## Problem Statement

Every year approximately 10,000 students apply for graduate schools abroad (United States, Canada, United Kingdom etc.) from different Indian institutes. [These](https://www.mbacrystalball.com/blog/2016/03/21/number-of-indian-students-in-usa-statistics-analysis/) [articles](https://in.usembassy.gov/u-s-hosts-million-international-students-second-consecutive-year/) clearly indicate an exponential rise in the number of Indian students abroad enrolled in undergraduate, graduate and doctoral programs. With such a monumental student population, one would expect an interpretable and coherent system to analyse graduate student intake, measures correlations between the different factors related to admissions, corroborate to the noise and entropy in the admission process, and predict the chances of admission into a given university. However, we could not find such a holistic system that addressed these issues.
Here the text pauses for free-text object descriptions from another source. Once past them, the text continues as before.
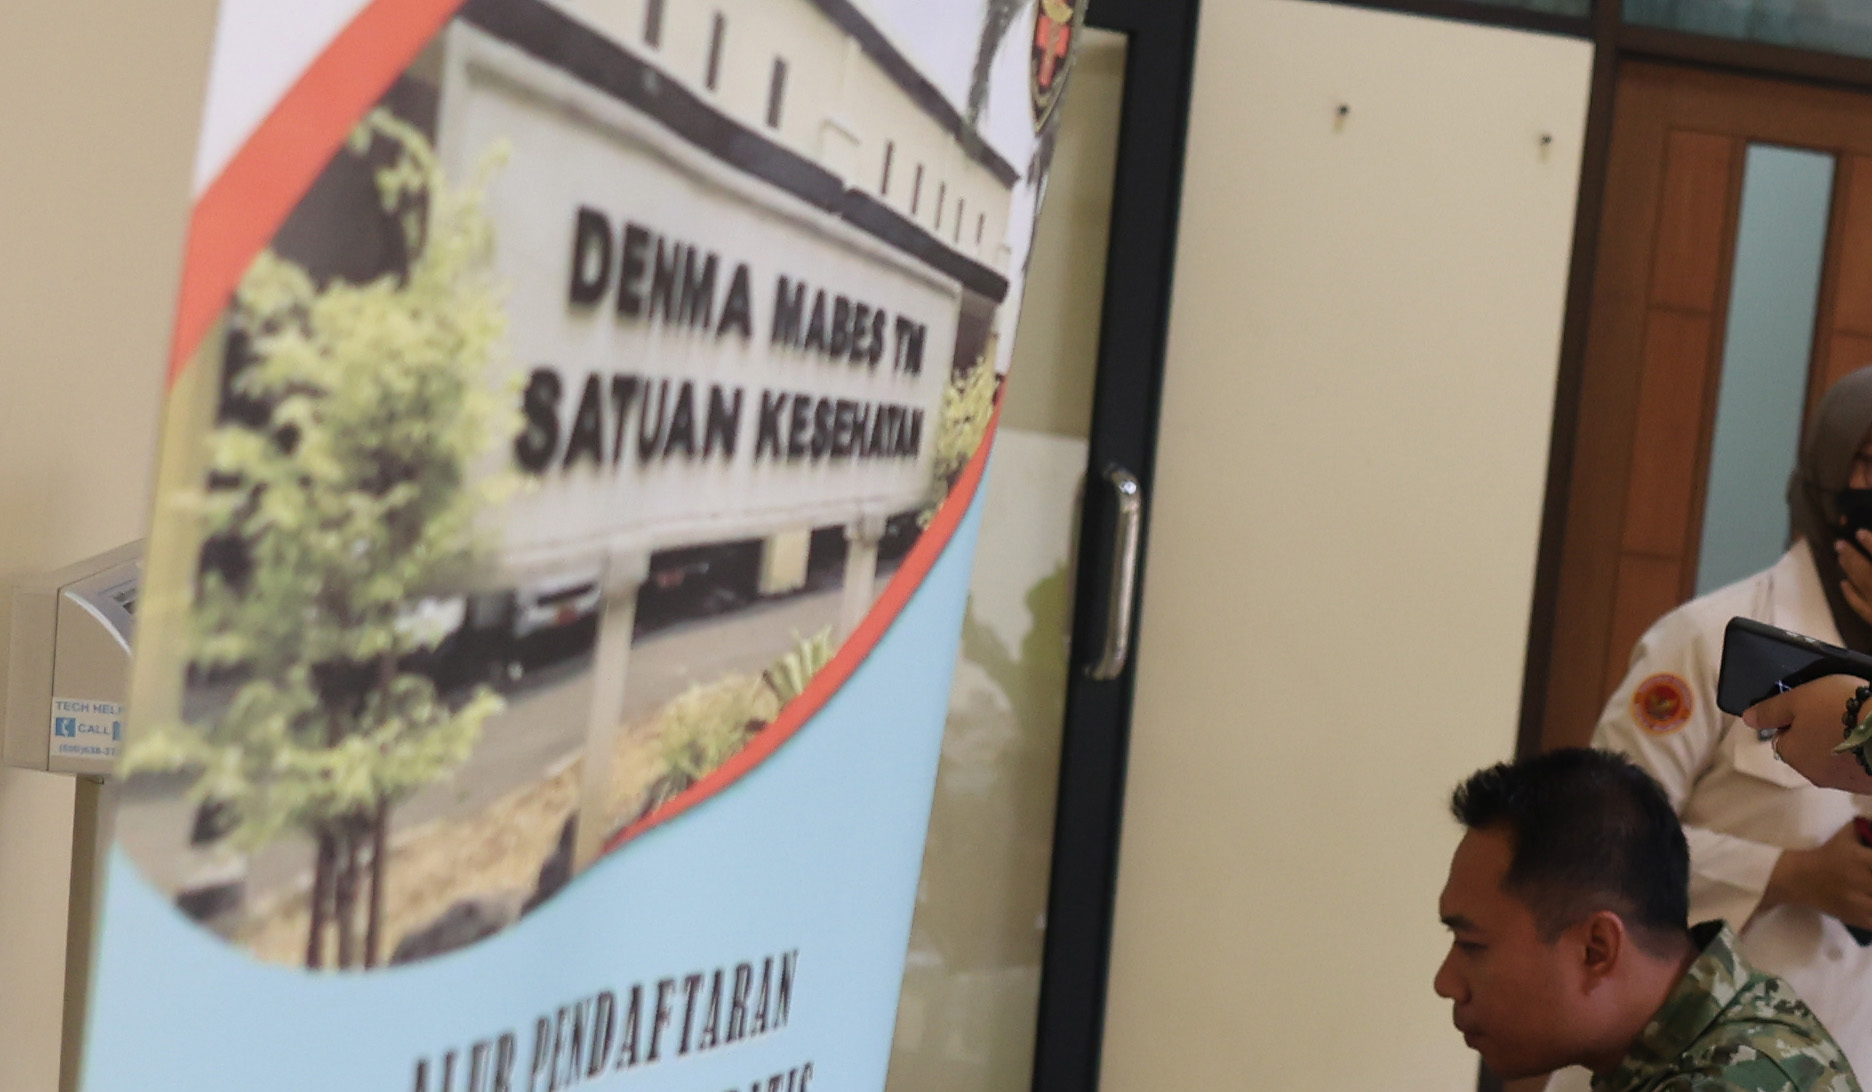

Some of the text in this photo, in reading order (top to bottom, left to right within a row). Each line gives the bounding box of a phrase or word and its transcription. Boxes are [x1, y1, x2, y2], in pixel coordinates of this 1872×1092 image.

[568, 205, 753, 342] DENMA
[771, 273, 886, 370] MABES
[515, 366, 924, 475] SATUAN KESEHATAN
[56, 701, 89, 713] TECH
[78, 723, 110, 735] CALL
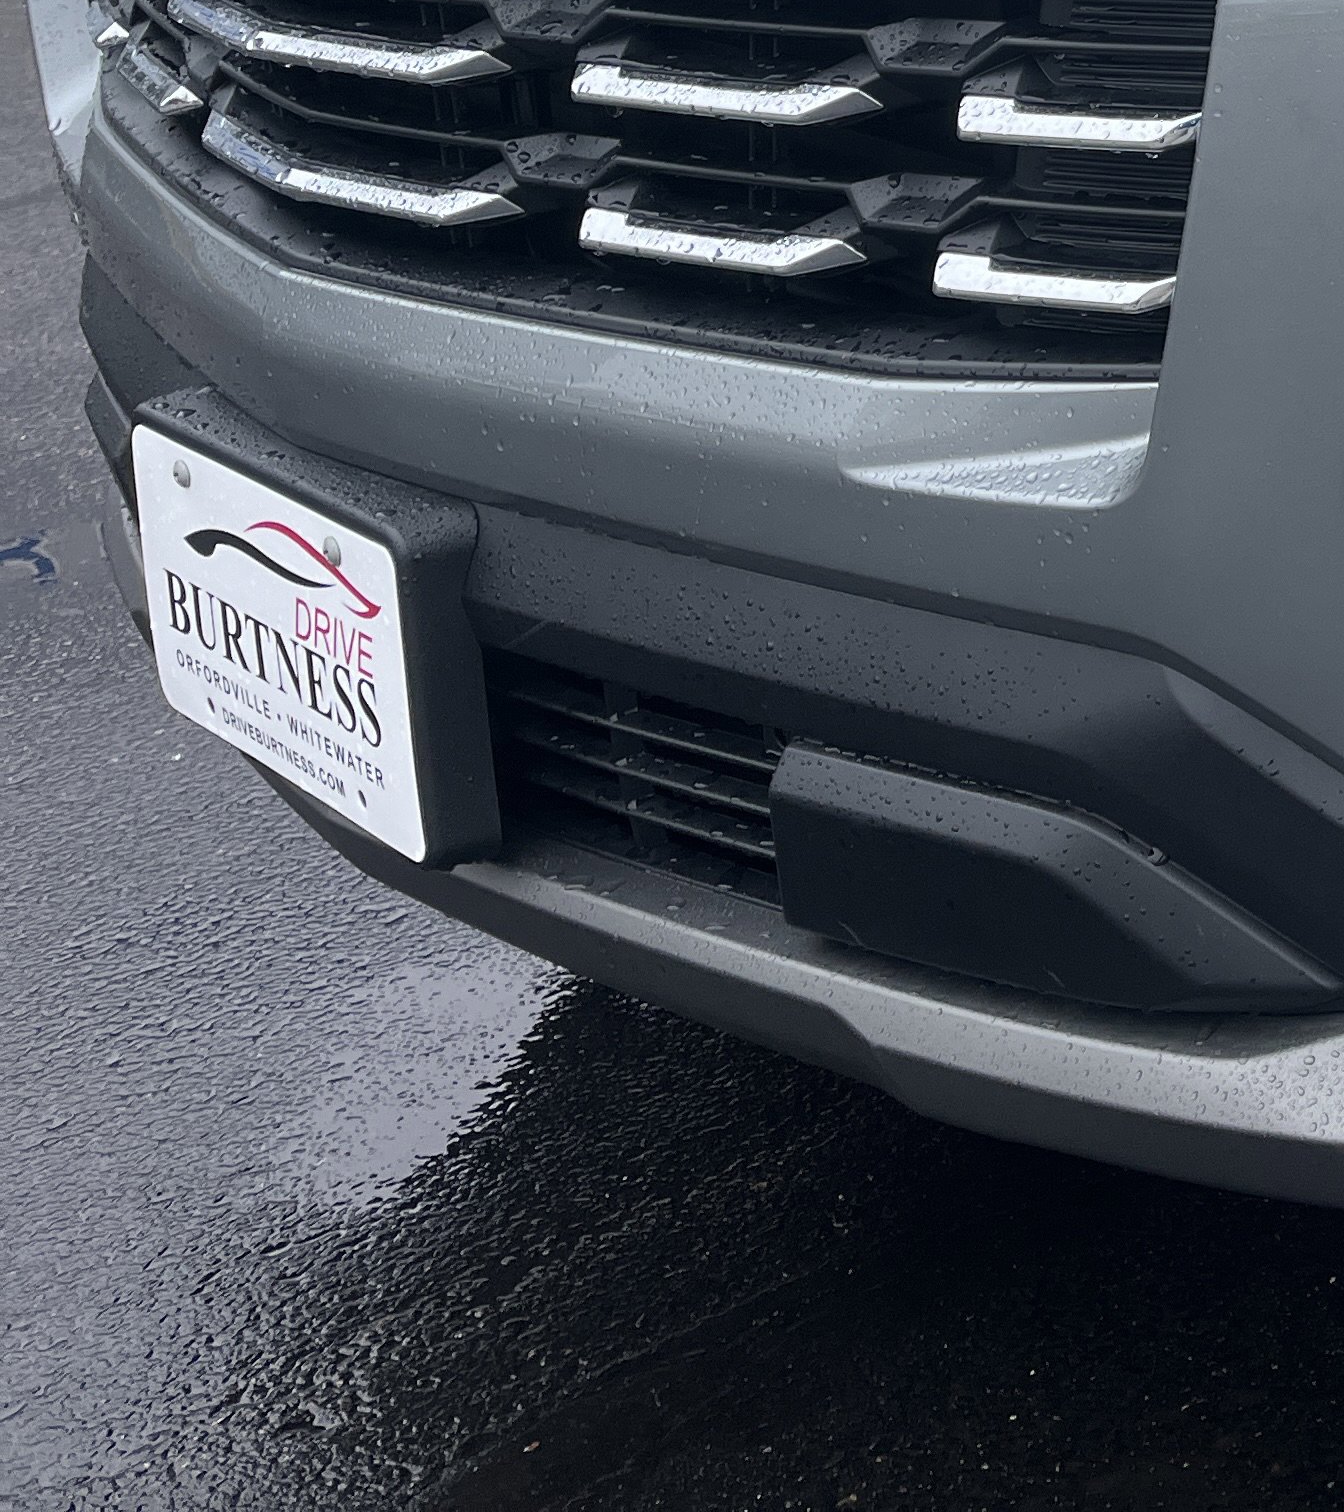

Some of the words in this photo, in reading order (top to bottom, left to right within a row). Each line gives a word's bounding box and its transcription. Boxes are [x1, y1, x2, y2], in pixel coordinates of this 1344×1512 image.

[163, 567, 382, 748] BURTNESS
[294, 597, 374, 679] DRIVE
[176, 649, 271, 721] ORFORDVILLE
[288, 714, 386, 790] WHITEWATER
[222, 706, 346, 798] DRIVEBURTNESS.COM
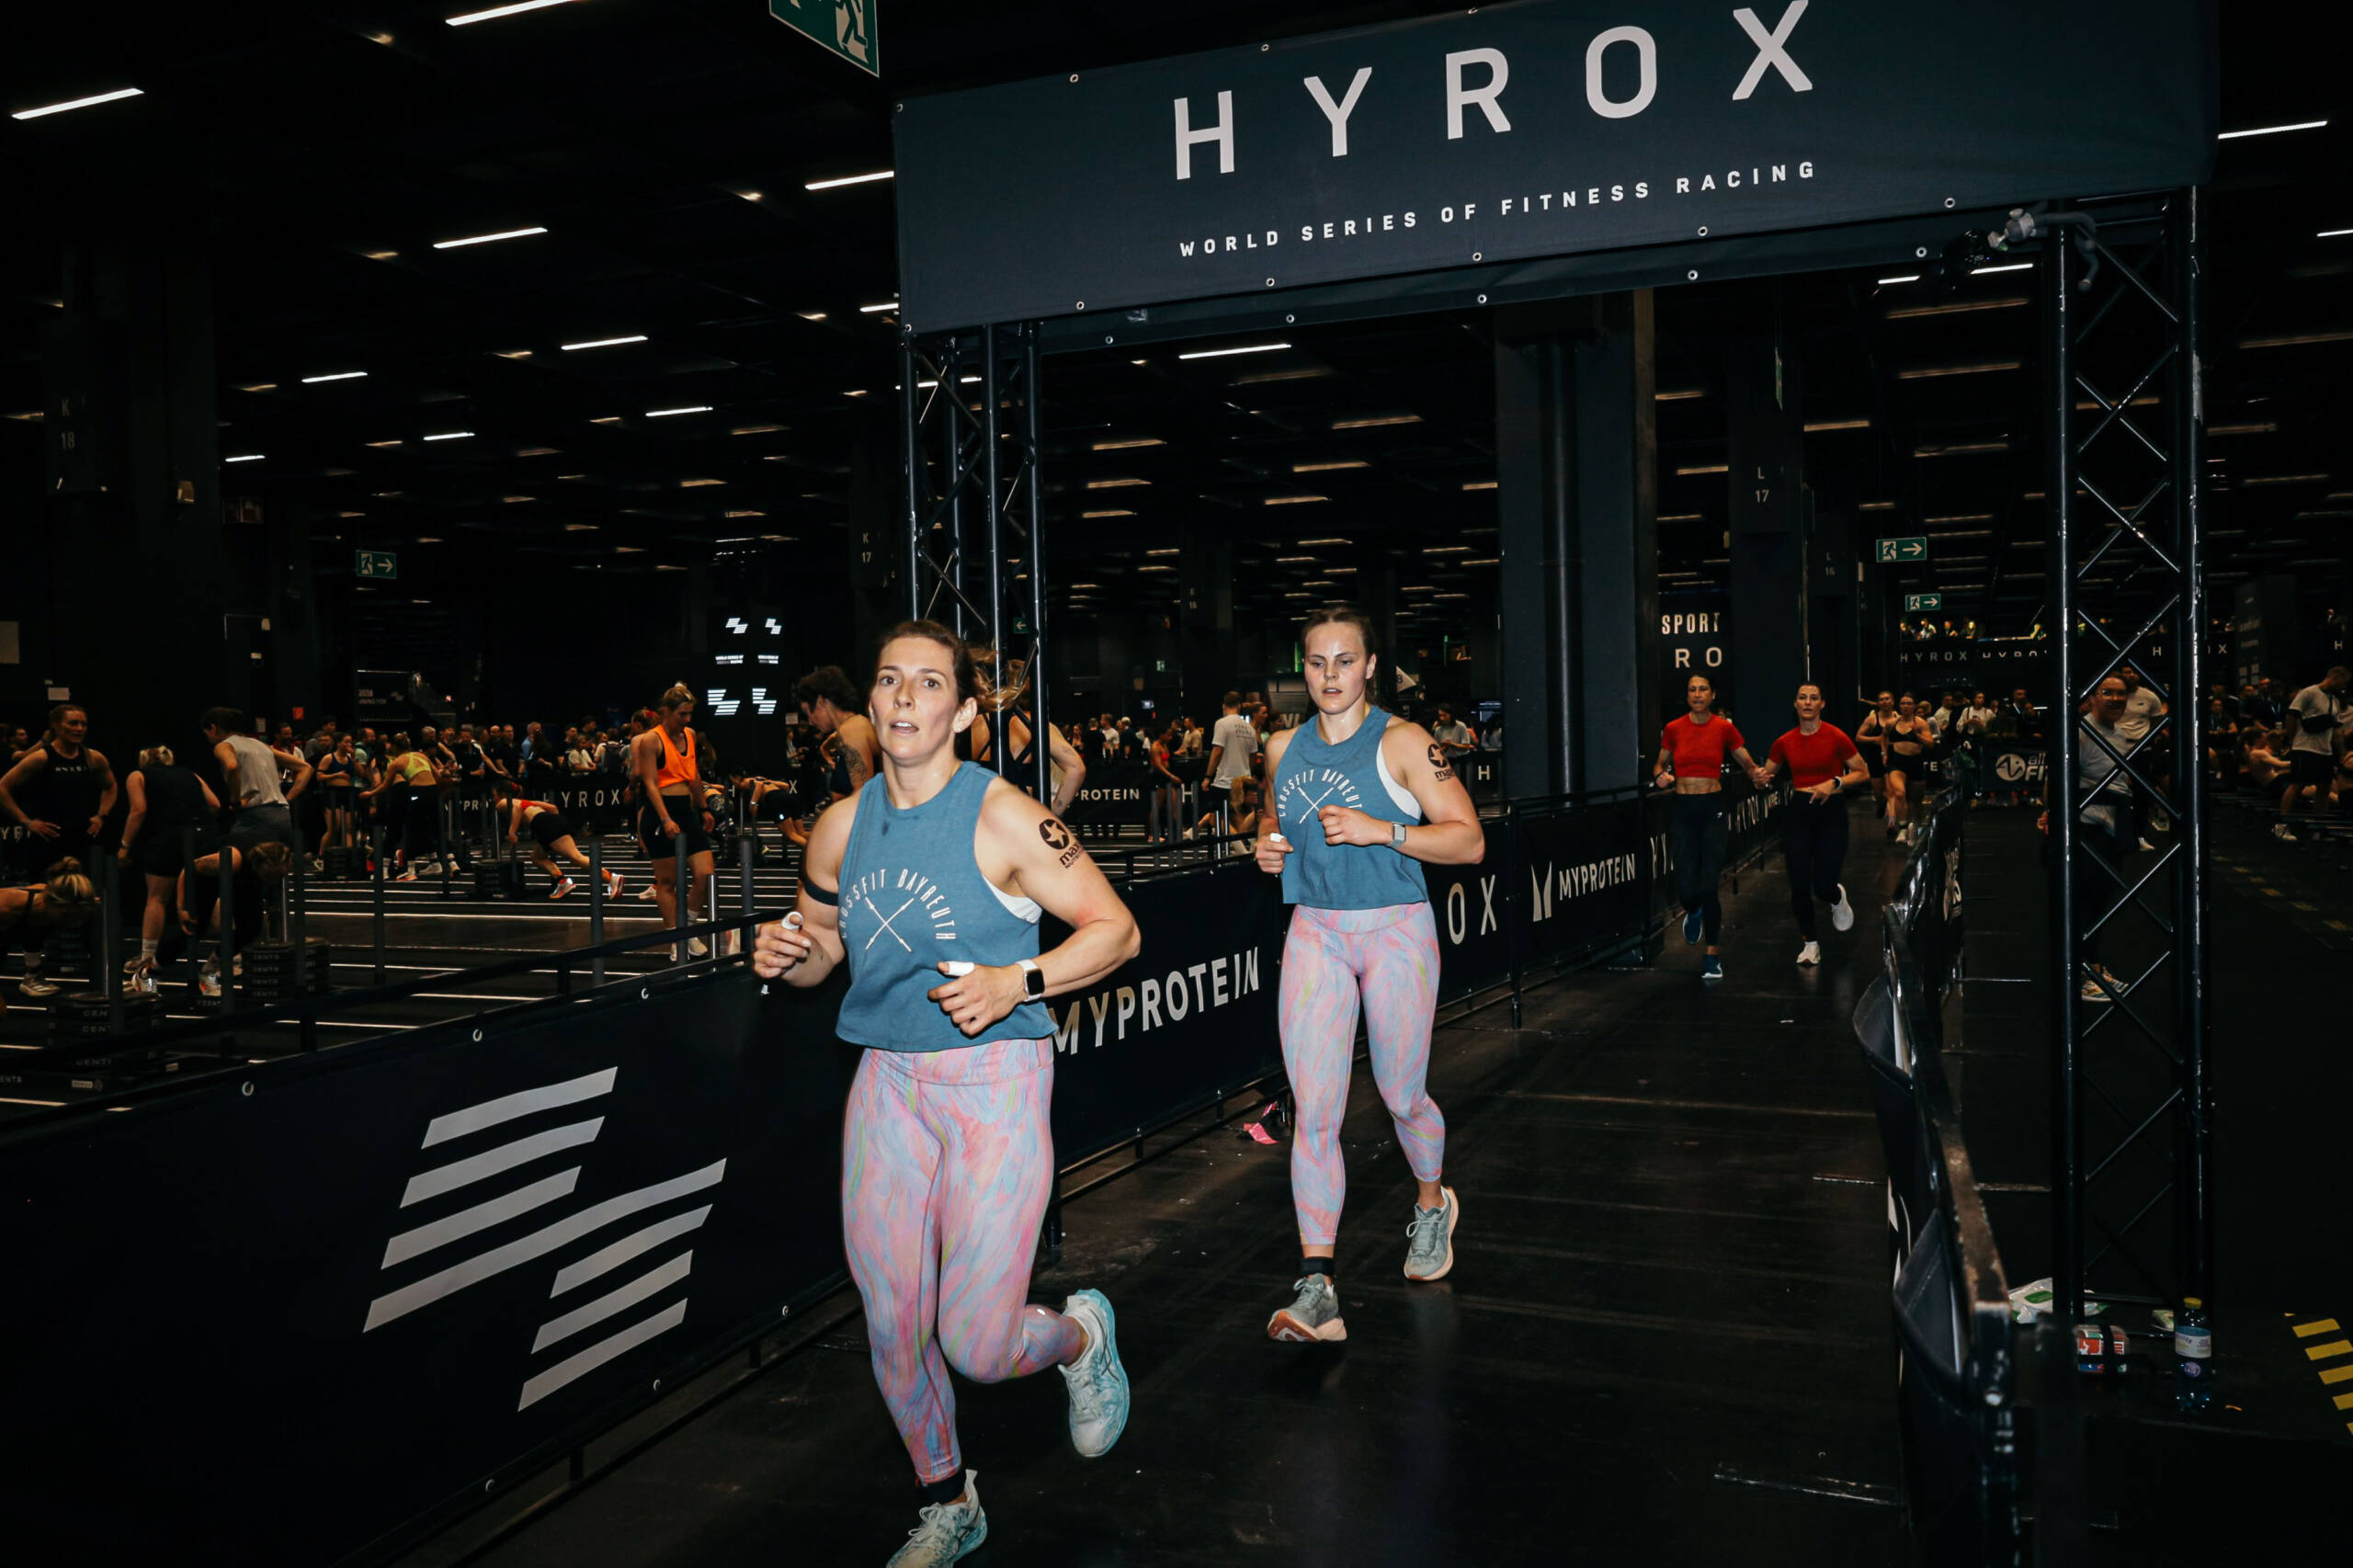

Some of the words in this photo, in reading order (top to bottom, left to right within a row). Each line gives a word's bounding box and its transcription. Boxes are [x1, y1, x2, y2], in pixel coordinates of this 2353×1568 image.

[1174, 0, 1813, 180] HYROX
[1179, 230, 1279, 257] WORLD
[1301, 211, 1416, 242] SERIES
[1440, 203, 1476, 223] OF
[1501, 182, 1649, 216] FITNESS
[1676, 161, 1814, 194] RACING
[60, 430, 75, 449] 18
[1756, 465, 1766, 480] L
[1755, 489, 1770, 504] 17
[1660, 611, 1722, 635] SPORT
[1900, 650, 1969, 663] HYROX
[1321, 768, 1363, 809] BAYREUT
[1559, 853, 1636, 902] MYPROTEIN
[897, 868, 957, 939] BAYREUTH
[1049, 946, 1260, 1056] MYPROTEIN
We therefore wanted to try and disentangle the process of graduate school admissions by analysing the various factors at stake, and apply our prior inductive biases about the randomness in the process to build predictive models. Our problem statement involves exploring and comprehending the following aspects of graduate school admissions:
- Studying patterns in student profiles applying to different graduate schools across geographic locations.
- Comparing, differentiating and gaining insights about the admission process.
- Inferring and leveraging definitive existing correlations.
- Drawing conclusions about admit/reject ratios, strength of an applicant profile, probability of admission, appropriate universities for a specific profile


## Data Collection

## Analysis

## Predictive Modelling

We performed our predictive modelling experiments on three major case studies:
- Carnegie Mellon University
- University of Illinois, Urbana Champaign
- University of California, Los Angeles

### Classification

As a first step, we consider the prediction problem as a deterministic binary classification problem. Our data cleaning and pre-processing steps have been explained above. For the binary classification task, we considered simple models so that we can interpret the results well. We also ensured that we could retrieve the importance of every factor so that a comprehensive analysis could be performed.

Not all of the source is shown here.